By Its Cover: The World To Come

By Its Cover is a series of posts wherein I read a book based solely on my love of the cover. No reading the jacket, no checking reviews!

Ben Ziskind, former child prodigy, recently divorced and feeling very sorry for himself is at a cocktail party in a museum that his twin sister has all but dragged him to.  When he spies a painting of an old man hovering above a city which he recognizes from the wall of his childhood home, he steals it. Just takes it off the wall and waltzes out the door with a million dollar Chagall.

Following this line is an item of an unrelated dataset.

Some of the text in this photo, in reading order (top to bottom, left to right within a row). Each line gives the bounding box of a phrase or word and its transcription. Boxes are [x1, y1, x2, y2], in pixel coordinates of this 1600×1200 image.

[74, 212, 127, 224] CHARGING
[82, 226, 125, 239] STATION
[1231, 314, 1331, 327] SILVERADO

From here, Horn tells a tale going back three generations and which gives us the provenance of the painting that Ben has stolen. It revolves around the historical figures of Marc Chagall and Pinkhas Kahanovitch, known as Der Nister (the Hidden One), a Russian writer of beautiful folklore tales, whom we first meet when they are teachers in 1920’s Russia, at a school for Jewish children. The children have all been made orphans by the Russian pogroms of 1919. The story belongs mostly to Der Nister, who struggled to make a living from the magical tales he wrote in a Russian world where only social realism was allowed. He languished in a life of poverty, finally hiding many of his manuscripts in the back of Chagall’s paintings before being hauled off to a gulag where he died.

In the present day, we learn about Ben’s childhood in a “cage” due to scoliosis, his pregnant sister who is horrified by his theft but helps him put it right, and his parents and their background. Ben is also drawn into a relationship with Erica who works at the museum from where he stole the painting and who is responsible for its return.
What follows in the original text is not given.